Please give the data again in full, precisely as it is written.
=== Section Start ===
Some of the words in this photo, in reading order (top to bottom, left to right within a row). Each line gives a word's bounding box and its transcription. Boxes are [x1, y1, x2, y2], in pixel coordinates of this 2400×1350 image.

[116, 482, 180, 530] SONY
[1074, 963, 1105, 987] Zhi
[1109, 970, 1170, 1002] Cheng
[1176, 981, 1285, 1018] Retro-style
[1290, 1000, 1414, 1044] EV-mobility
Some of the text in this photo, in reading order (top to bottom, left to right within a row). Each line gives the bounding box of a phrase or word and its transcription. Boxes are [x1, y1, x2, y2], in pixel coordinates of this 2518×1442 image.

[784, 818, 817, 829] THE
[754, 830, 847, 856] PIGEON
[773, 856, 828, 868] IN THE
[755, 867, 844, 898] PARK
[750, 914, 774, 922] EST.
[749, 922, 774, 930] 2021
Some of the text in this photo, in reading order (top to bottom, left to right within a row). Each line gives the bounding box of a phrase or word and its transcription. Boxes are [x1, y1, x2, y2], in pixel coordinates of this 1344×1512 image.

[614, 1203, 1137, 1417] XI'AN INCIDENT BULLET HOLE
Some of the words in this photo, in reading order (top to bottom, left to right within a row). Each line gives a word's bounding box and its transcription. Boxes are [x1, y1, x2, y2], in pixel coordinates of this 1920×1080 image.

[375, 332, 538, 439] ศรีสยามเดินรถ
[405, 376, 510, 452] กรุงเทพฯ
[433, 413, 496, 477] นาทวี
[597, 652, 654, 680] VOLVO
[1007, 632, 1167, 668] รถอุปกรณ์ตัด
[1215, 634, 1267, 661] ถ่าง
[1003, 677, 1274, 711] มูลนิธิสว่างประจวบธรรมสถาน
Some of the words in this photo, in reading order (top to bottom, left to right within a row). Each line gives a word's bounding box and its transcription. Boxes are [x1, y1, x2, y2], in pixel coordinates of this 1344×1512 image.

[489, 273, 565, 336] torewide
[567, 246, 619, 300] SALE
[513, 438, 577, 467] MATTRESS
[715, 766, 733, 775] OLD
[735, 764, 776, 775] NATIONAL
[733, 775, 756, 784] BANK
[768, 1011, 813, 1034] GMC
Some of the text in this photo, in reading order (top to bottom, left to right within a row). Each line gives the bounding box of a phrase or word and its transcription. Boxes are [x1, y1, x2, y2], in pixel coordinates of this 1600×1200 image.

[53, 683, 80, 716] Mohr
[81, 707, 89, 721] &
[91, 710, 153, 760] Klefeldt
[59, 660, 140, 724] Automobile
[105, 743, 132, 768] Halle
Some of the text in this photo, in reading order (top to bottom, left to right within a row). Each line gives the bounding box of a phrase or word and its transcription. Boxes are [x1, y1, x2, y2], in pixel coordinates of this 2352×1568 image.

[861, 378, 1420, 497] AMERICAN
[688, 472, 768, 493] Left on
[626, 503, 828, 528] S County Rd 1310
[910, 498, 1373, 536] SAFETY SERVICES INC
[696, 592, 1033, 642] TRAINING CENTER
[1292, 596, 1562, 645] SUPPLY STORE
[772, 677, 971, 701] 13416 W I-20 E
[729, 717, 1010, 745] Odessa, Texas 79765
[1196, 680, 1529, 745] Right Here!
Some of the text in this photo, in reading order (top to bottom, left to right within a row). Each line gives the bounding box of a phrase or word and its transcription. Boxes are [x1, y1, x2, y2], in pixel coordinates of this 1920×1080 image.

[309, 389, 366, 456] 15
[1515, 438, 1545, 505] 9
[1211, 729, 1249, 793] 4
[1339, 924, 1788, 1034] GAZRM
=== Section End ===
SOLVED EXERCISE:
Some of the words in this photo, in reading order (top to bottom, left to right within a row). Each line gives a word's bounding box and its transcription. Boxes are [x1, y1, x2, y2], in pixel coordinates of this 2400×1350 image.

[116, 482, 180, 530] SONY
[1074, 963, 1105, 987] Zhi
[1109, 970, 1170, 1002] Cheng
[1176, 981, 1285, 1018] Retro-style
[1290, 1000, 1414, 1044] EV-mobility
Some of the text in this photo, in reading order (top to bottom, left to right within a row). Each line gives the bounding box of a phrase or word and its transcription. Boxes are [x1, y1, x2, y2], in pixel coordinates of this 2518×1442 image.

[784, 818, 817, 829] THE
[754, 830, 847, 856] PIGEON
[773, 856, 828, 868] IN THE
[755, 867, 844, 898] PARK
[750, 914, 774, 922] EST.
[749, 922, 774, 930] 2021
Some of the text in this photo, in reading order (top to bottom, left to right within a row). Each line gives the bounding box of a phrase or word and its transcription. Boxes are [x1, y1, x2, y2], in pixel coordinates of this 1344×1512 image.

[614, 1203, 1137, 1417] XI'AN INCIDENT BULLET HOLE
Some of the words in this photo, in reading order (top to bottom, left to right within a row). Each line gives a word's bounding box and its transcription. Boxes are [x1, y1, x2, y2], in pixel coordinates of this 1920×1080 image.

[375, 332, 538, 439] ศรีสยามเดินรถ
[405, 376, 510, 452] กรุงเทพฯ
[433, 413, 496, 477] นาทวี
[597, 652, 654, 680] VOLVO
[1007, 632, 1167, 668] รถอุปกรณ์ตัด
[1215, 634, 1267, 661] ถ่าง
[1003, 677, 1274, 711] มูลนิธิสว่างประจวบธรรมสถาน
Some of the words in this photo, in reading order (top to bottom, left to right within a row). Each line gives a word's bounding box and its transcription. Boxes are [x1, y1, x2, y2], in pixel coordinates of this 1344×1512 image.

[489, 273, 565, 336] torewide
[567, 246, 619, 300] SALE
[513, 438, 577, 467] MATTRESS
[715, 766, 733, 775] OLD
[735, 764, 776, 775] NATIONAL
[733, 775, 756, 784] BANK
[768, 1011, 813, 1034] GMC
Some of the text in this photo, in reading order (top to bottom, left to right within a row). Each line gives the bounding box of a phrase or word and its transcription. Boxes are [x1, y1, x2, y2], in pixel coordinates of this 1600×1200 image.

[53, 683, 80, 716] Mohr
[81, 707, 89, 721] &
[91, 710, 153, 760] Klefeldt
[59, 660, 140, 724] Automobile
[105, 743, 132, 768] Halle
Some of the text in this photo, in reading order (top to bottom, left to right within a row). Each line gives the bounding box of a phrase or word and its transcription. Boxes are [x1, y1, x2, y2], in pixel coordinates of this 2352×1568 image.

[861, 378, 1420, 497] AMERICAN
[688, 472, 768, 493] Left on
[626, 503, 828, 528] S County Rd 1310
[910, 498, 1373, 536] SAFETY SERVICES INC
[696, 592, 1033, 642] TRAINING CENTER
[1292, 596, 1562, 645] SUPPLY STORE
[772, 677, 971, 701] 13416 W I-20 E
[729, 717, 1010, 745] Odessa, Texas 79765
[1196, 680, 1529, 745] Right Here!
Some of the text in this photo, in reading order (top to bottom, left to right within a row). Each line gives the bounding box of a phrase or word and its transcription. Boxes are [x1, y1, x2, y2], in pixel coordinates of this 1920×1080 image.

[309, 389, 366, 456] 15
[1515, 438, 1545, 505] 9
[1211, 729, 1249, 793] 4
[1339, 924, 1788, 1034] GAZRM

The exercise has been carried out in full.